#### MATERIAL FOR THIS TASK ####
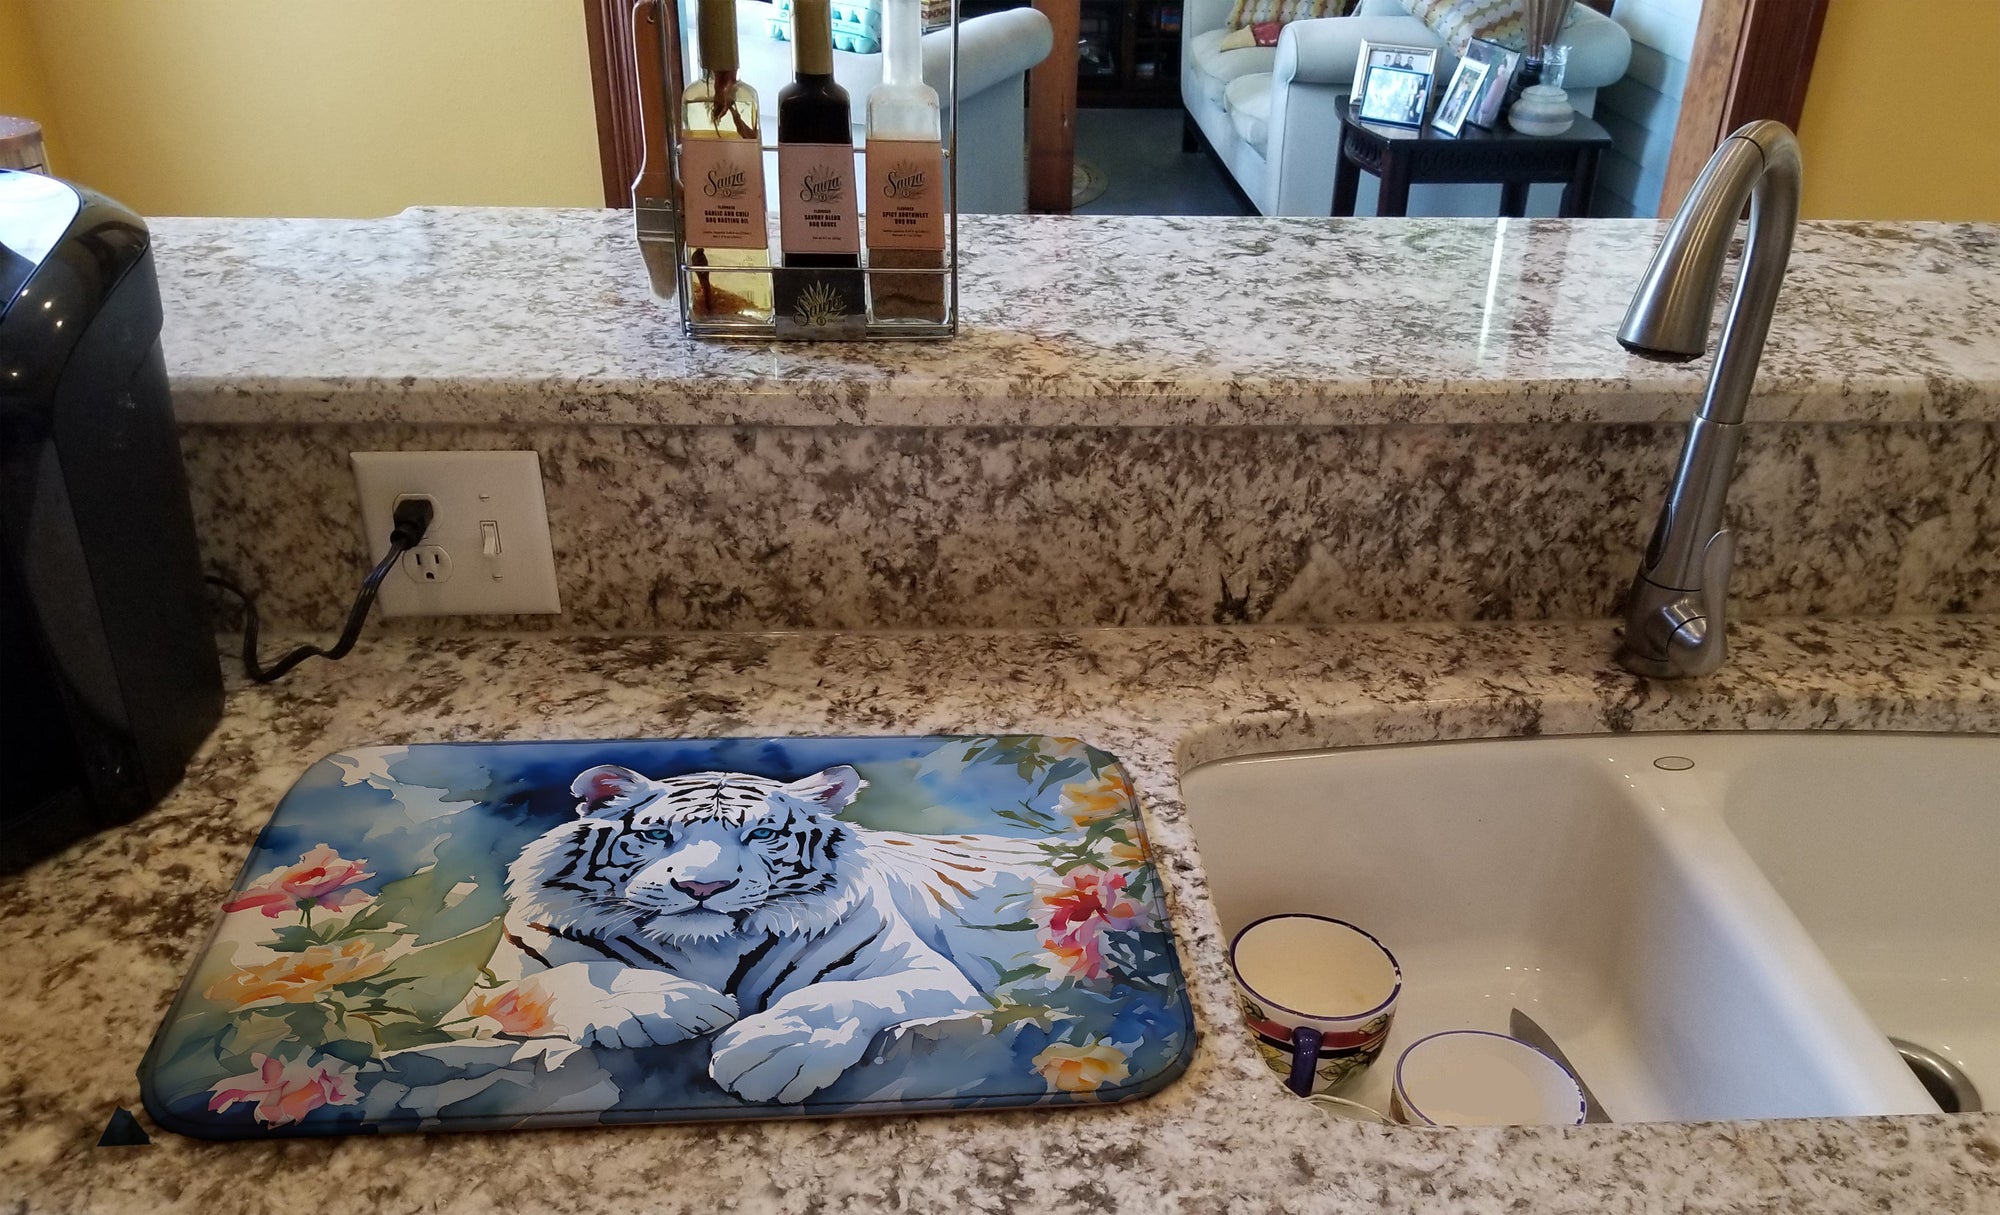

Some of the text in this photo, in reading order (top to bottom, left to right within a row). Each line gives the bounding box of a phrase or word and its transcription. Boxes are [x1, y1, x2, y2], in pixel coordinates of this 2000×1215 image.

[704, 170, 745, 197] Sauza
[800, 176, 841, 202] Sauza
[884, 171, 924, 198] Sauza
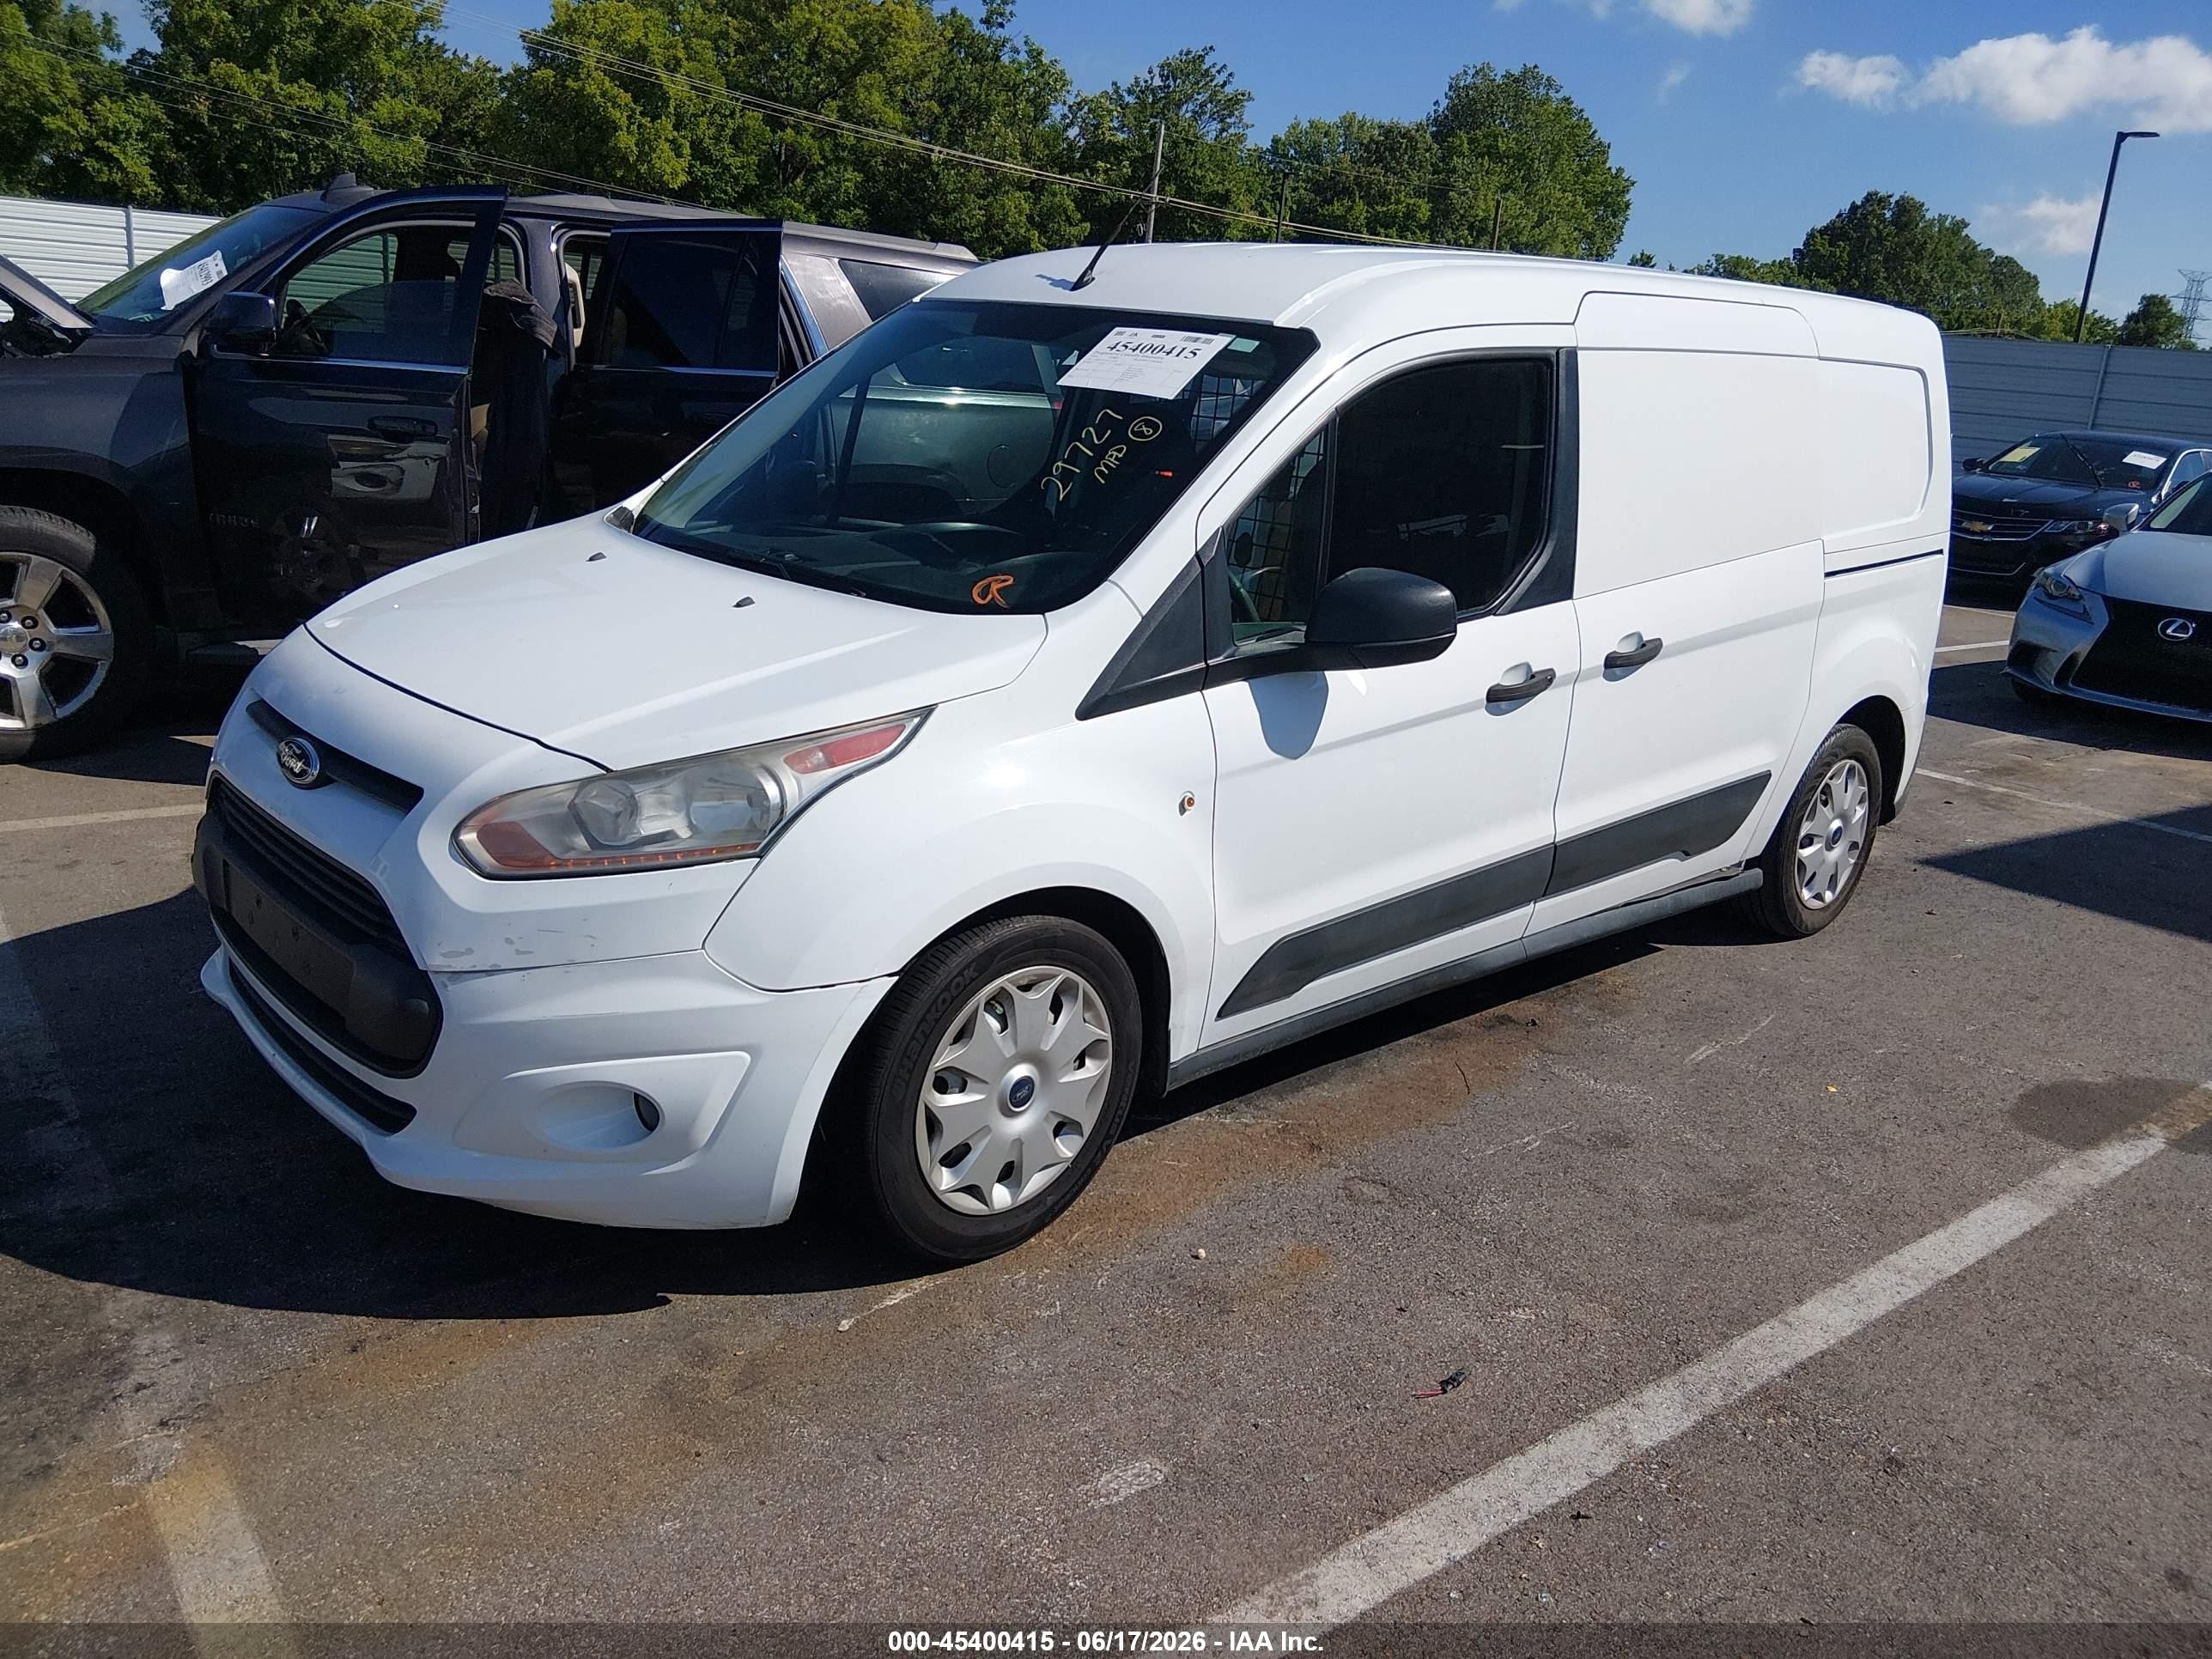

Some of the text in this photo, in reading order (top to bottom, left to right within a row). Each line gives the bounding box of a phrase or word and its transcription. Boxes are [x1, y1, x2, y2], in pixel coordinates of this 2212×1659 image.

[1106, 339, 1202, 360] 45400415
[1041, 408, 1124, 501] 29727
[279, 743, 309, 774] Ford
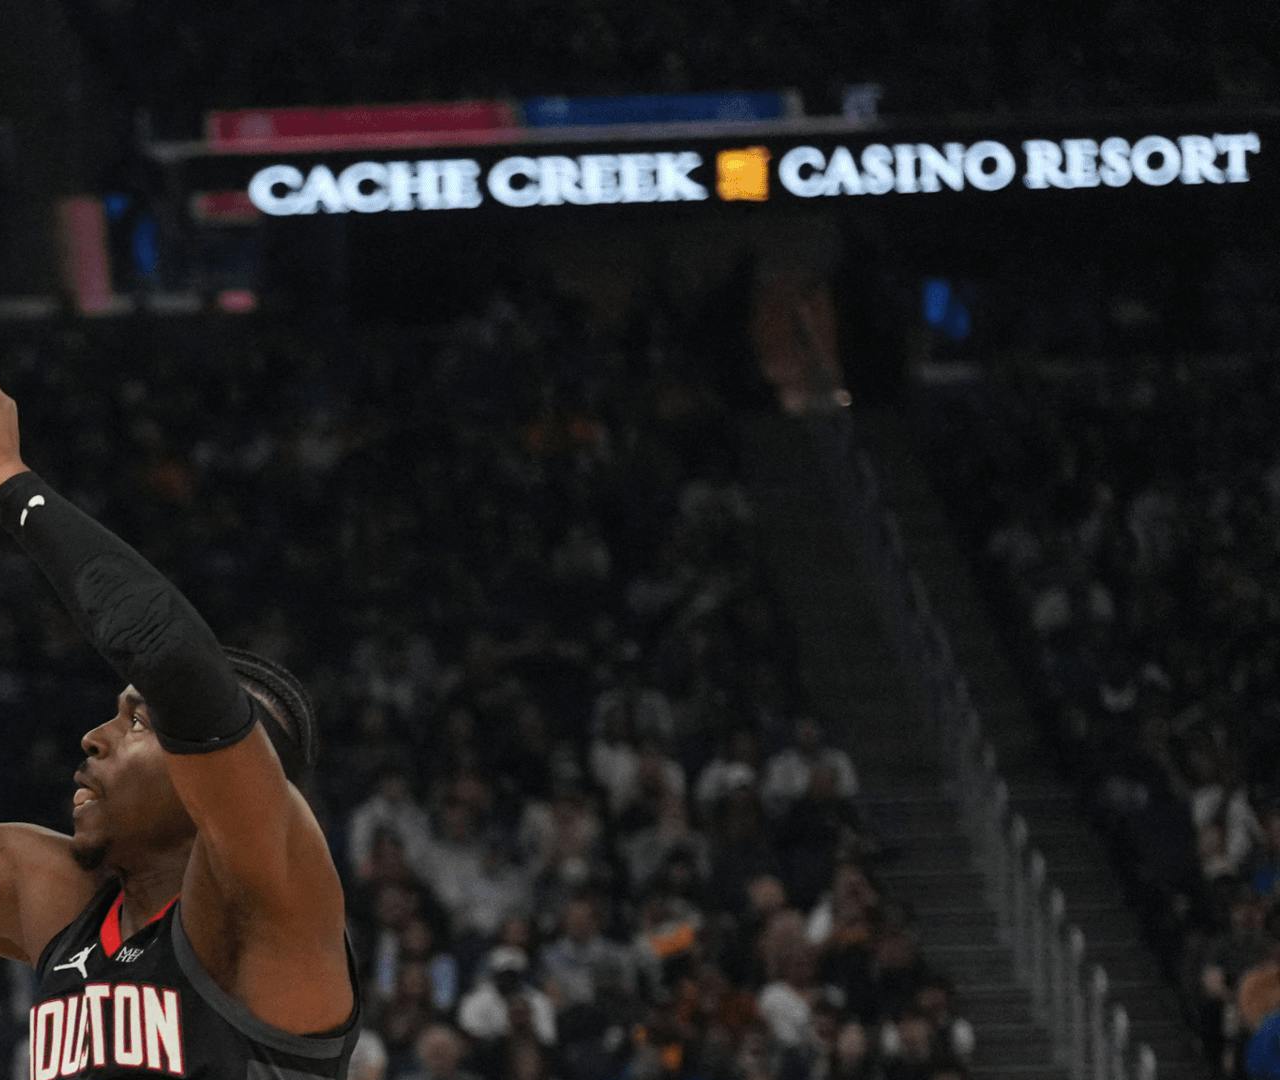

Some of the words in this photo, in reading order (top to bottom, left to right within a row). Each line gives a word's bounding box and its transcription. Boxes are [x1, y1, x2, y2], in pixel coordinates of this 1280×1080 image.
####
Copy exactly the lines that run from the line containing "this 2212×1659 image." to the end of the data above, keeping both end lines and leaving out all pictures.

Some of the text in this photo, in reading order (top to bottom, left to right within a row). Each line gives the bounding box of a phrase or word and its transcription. Boxes are [x1, y1, x2, y2], in pixel coordinates of this 2212×1659 image.

[1106, 339, 1202, 360] 45400415
[1041, 408, 1124, 501] 29727
[279, 743, 309, 774] Ford

Some of the words in this photo, in reading order (top to bottom, left to right within a row). Each line gives a word's bounding box and its transcription. Boxes are [x1, y1, x2, y2], in pixel coordinates of this 1280×1080 image.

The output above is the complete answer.